Tokenisation is a core step in natural language processing (NLP) where raw text is split into smaller units known as tokens. These tokens can be words, sentences, or subwords, depending on the level of analysis. Tokenisation prepares text for downstream tasks like embedding, classification, or parsing.
There are different kinds: spaCy or Hugging Face tokenisers.
Types of Tokenisation
1. Word Tokenisation
Splits text into individual words and retains punctuation.
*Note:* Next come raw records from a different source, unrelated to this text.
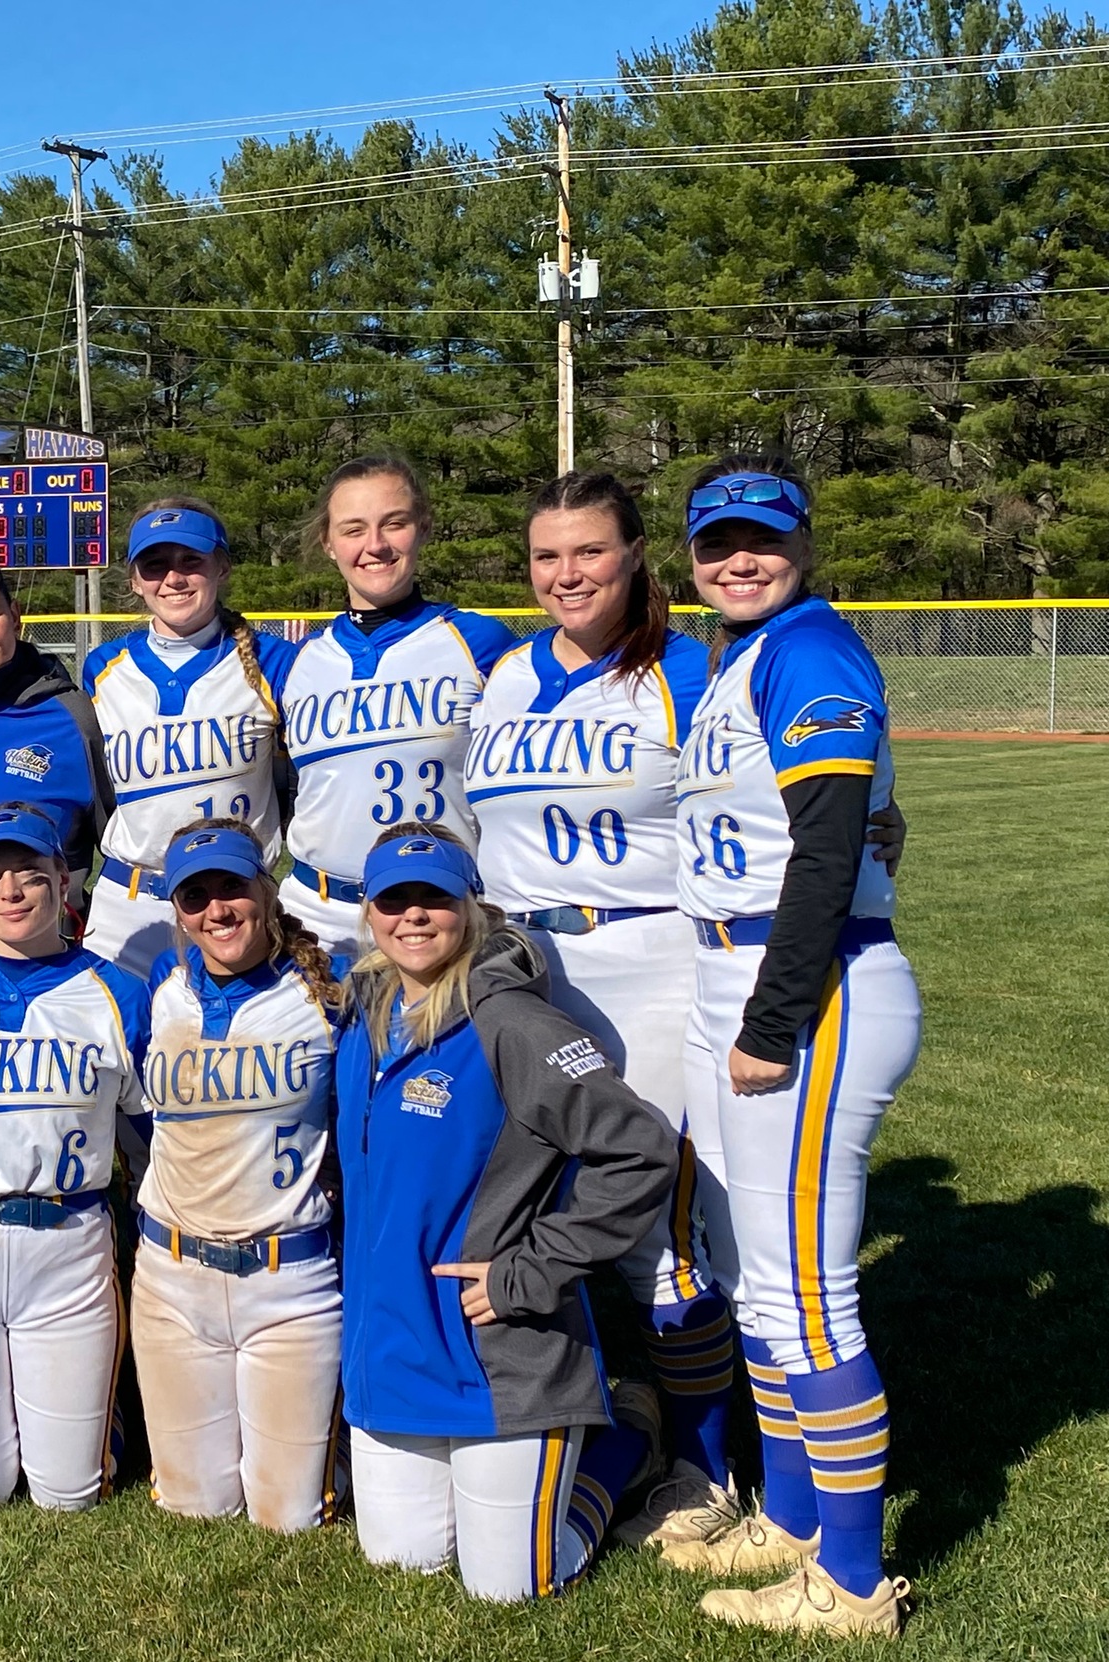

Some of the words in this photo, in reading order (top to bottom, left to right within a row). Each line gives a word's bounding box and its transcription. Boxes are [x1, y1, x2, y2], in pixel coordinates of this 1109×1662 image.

[25, 428, 105, 460] HAWKS
[17, 503, 23, 514] 6
[36, 502, 43, 513] 7
[47, 474, 76, 488] OUT
[73, 501, 103, 512] RUNS
[87, 542, 101, 564] 9
[5, 766, 43, 783] SOFTBALL
[465, 719, 639, 781] OCKING
[371, 759, 446, 826] 33
[542, 803, 629, 866] 00
[687, 813, 747, 880] 16
[145, 1039, 311, 1106] OCKING
[55, 1129, 88, 1193] 6
[272, 1121, 304, 1190] 5
from nltk.tokenize import word_tokenize
tokens = word_tokenize(text_original)
print(tokens)
2. Sentence Tokenisation
Segments text into full sentences.
from nltk.tokenize import sent_tokenize
sentences = sent_tokenize(text_original)
print(sentences)
3. Custom Tokenisation with Cleaning
For cleaner preprocessing (e.g. lowercasing, removing non-alphanumerics and stopwords):
import re
from nltk.corpus import stopwords
from nltk.tokenize import word_tokenize
temp = text_original.lower()
temp = re.sub(r"[^a-zA-Z0-9]", " ", temp) # keep only letters and numbers
temp = re.sub(r"[[0-9]+\]", "", temp) # remove bracketed numbers
tokens = word_tokenize(temp)
tokens_clean = [t for t in tokens if t not in stopwords.words("english")]
print(tokens_clean)
Special Tokens in Transformer Models
Modern models like BERT use special tokens during tokenisation to preserve input structure:
- [CLS]: Marks the start of the input sequence; used for classification tasks.
- [SEP]: Separates different segments (e.g. question from context in QA tasks).